Well I was thinking more about goals than life period. Everyone has a goal. Some are easier to achieve than others but everyone has at least one. One of my major ones, for instance, is comedy writing. I really want to do that. I appreciate the art the goes sinto a good sketch or a good joke and that's something I'm really interested in doing and learning more about. Now I know I'm not the first person to want to do that, and to follow that dream would be a huge leap of faith. How do I now I'm any good at it? How do I know if others will enjoy what I write? How do even start it? I hear a lot of comedians say just do. You have to start somewhere and there is no such thing as waiting for 'the right moment' to chase a dream. And this of course applies to anyone who is on a mission to do something that they're not sure if it'll turn out for the better. There are a million people in the world who have taken that leap and gotten no where. Is it because they don't have the drive to do it? Do they not have the skills? Are they just bad at what they do? How do you know if you're one of those people that aren't gonna make it? Did you just waste your time taking that leap? Who is to say that you will be any better than the next guy? I know this is a bit of a pestimistic way of thinking but these questions are kind of valid.

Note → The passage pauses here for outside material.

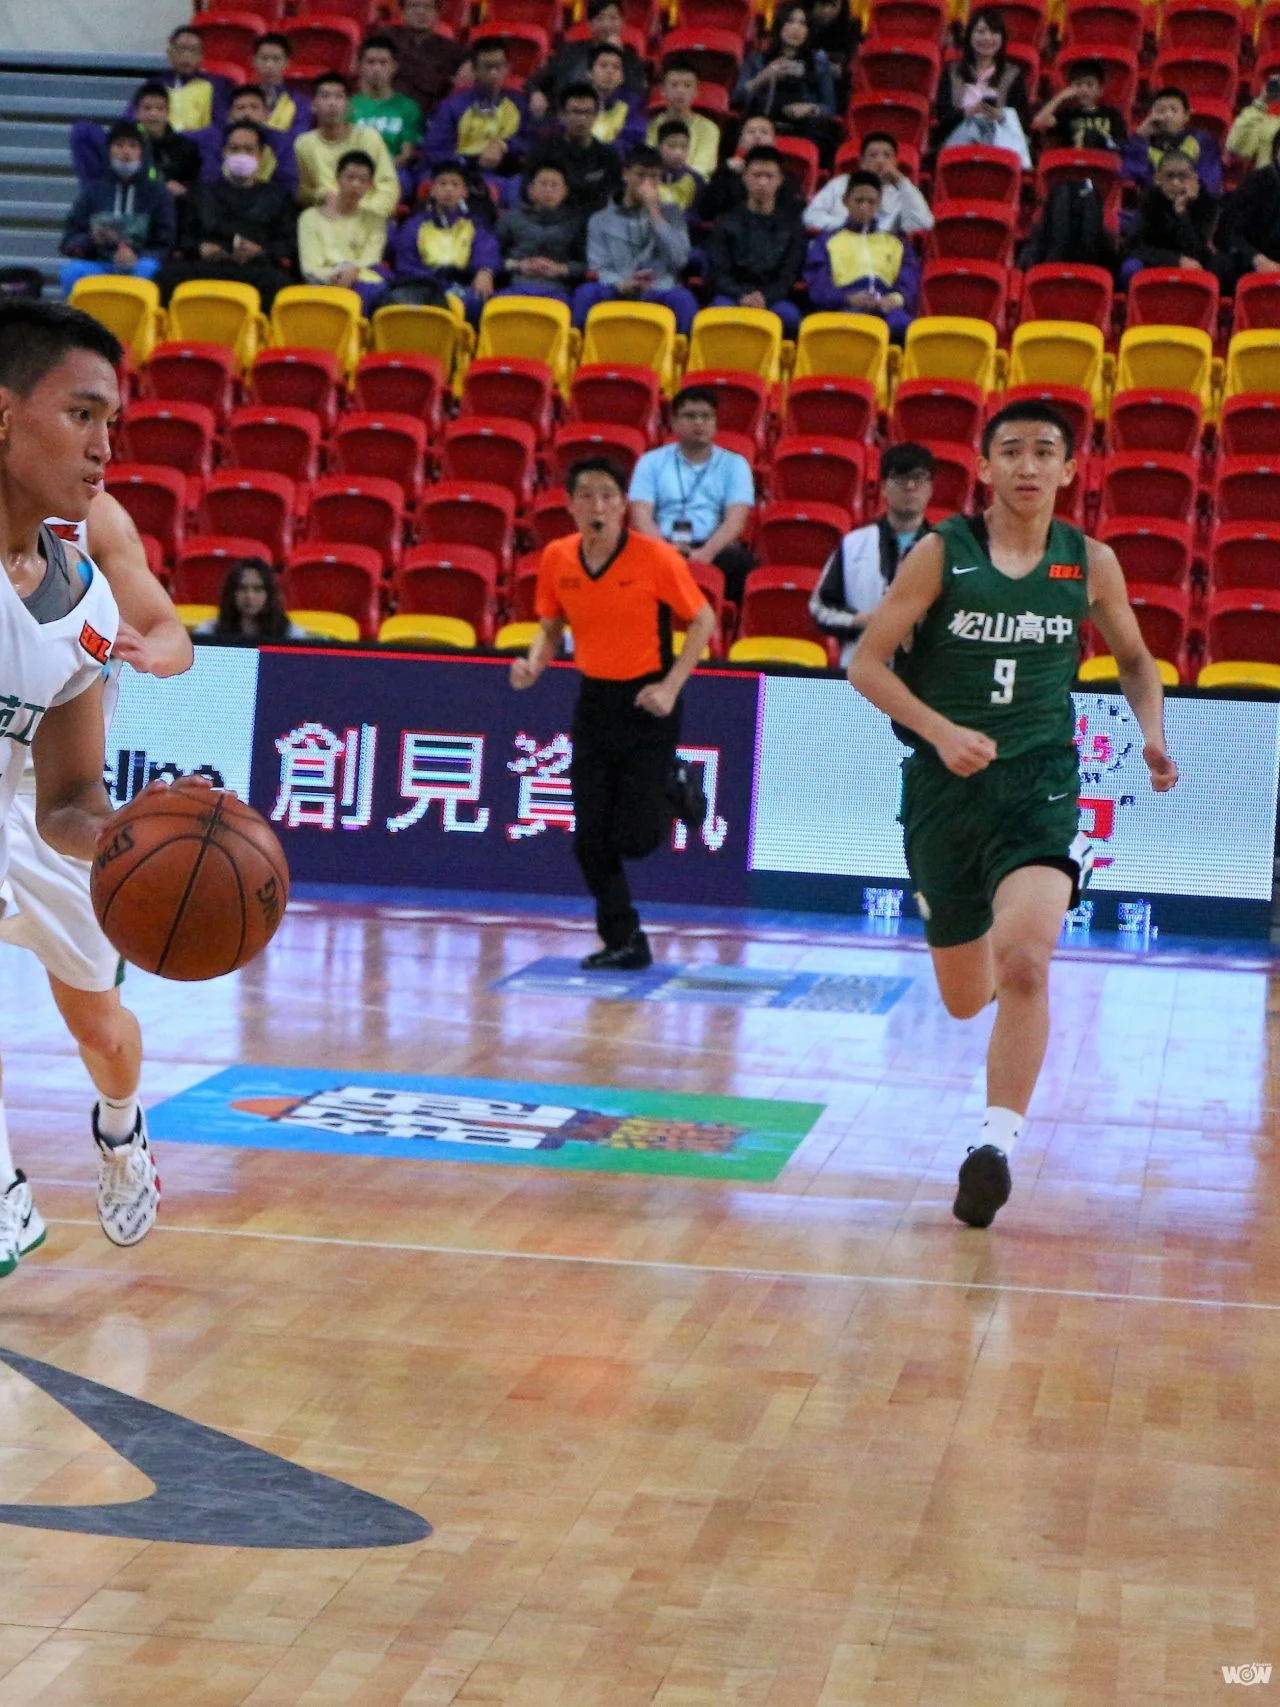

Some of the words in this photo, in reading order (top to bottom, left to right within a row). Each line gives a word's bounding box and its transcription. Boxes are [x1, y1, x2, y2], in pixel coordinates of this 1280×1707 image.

Would you rather try and fail and face rejection or
be insecure about your potential but be safe from failure?
These are of course rhetorical questions I don't expect you to have answers lol
Gosh thats a lot of words.
Lol I actually just finished a post that I dedicated to our conversation and alot of what I said there can be used here, though its about love and shit.
But me, I get discouraged kind of easily. I would LOVE to do comedy writing. My friends and alot of people tell me im funny and I laugh at myself alot (not to sound vain) but its something I enjoy. Making people feel good, period is an amazing feeling for me. Which is why I think i’m such a good person, I try a little bit harder to please the people around me (to a point)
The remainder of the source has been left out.